O modelo de binge watching da Netflix é não só único como também extremamente bem sucedido. Costumo dizer que várias séries requerem mais do que um episódio para demonstrarem o seu verdadeiro valor. O problema do típico formato da TV a cabo, na qual temos apenas um episódio por semana baseia-se no facto de que, se o primeiro episódio não for marcante, o espetador ou a grande maioria não volta a ligar o canal na semana seguinte. Já a Netflix não dá essa escolha ao espetador, sendo que no fim de cada episódio a plataforma começa uma contagem decrescente para o episódio seguinte. É uma bomba relógio, e o espetador que talvez até não tenha achado o primeiro episódio nada de especial, acaba por se ceder à pressão e vê mais um episódio, e assim por diante.
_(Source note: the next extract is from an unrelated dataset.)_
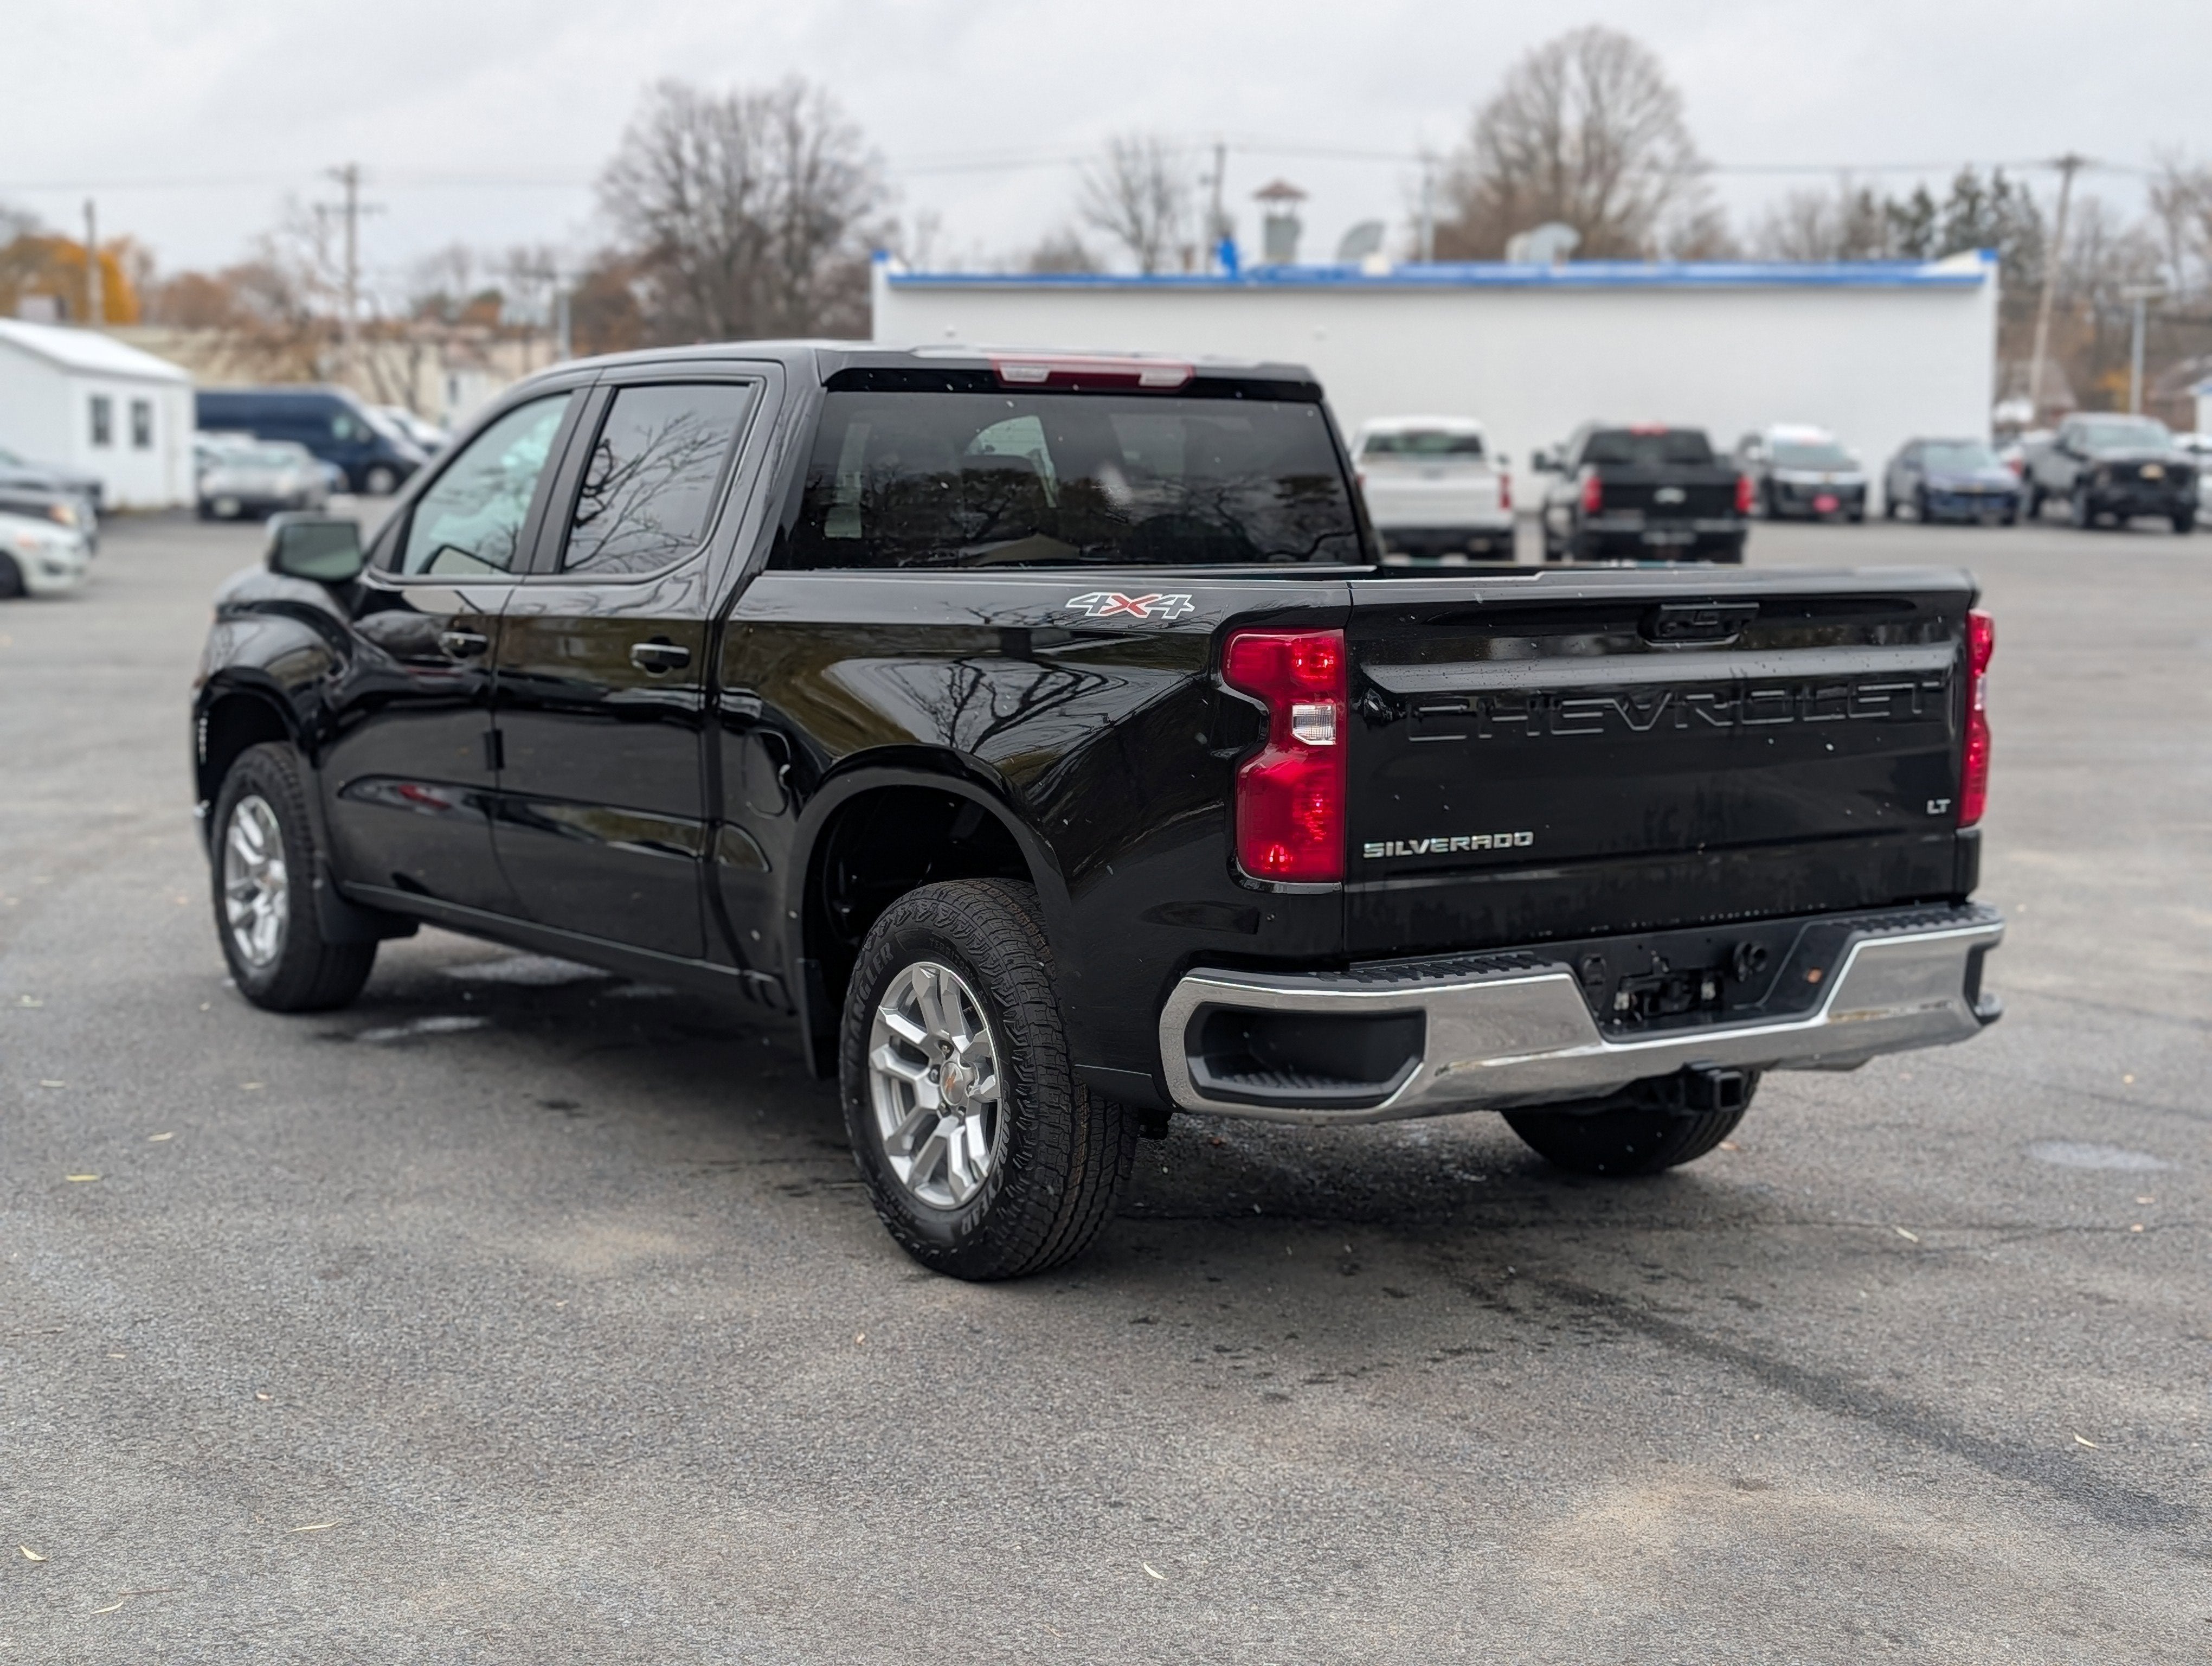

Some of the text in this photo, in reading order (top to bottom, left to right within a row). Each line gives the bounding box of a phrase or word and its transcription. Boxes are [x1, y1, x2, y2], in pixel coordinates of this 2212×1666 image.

[1409, 680, 1946, 742] CHEVROLET
[1926, 798, 1951, 815] LT
[1362, 831, 1534, 858] SILVERADO
Contudo existe uma falha neste sistema, pelo menos a meu ver. O conteúdo, consumido todo de uma vez ou ao longo de alguns dias, acaba por não estar todas as semanas a relembrar o título ao espetador. Se num canal da TV como a AMC, a série precisa de um “Anteriormente em Walking Dead”, um original da Netflix recusa-se a sequer usar esse termo. A própria plataforma já espera que o espetador consuma o conteúdo de forma rápida.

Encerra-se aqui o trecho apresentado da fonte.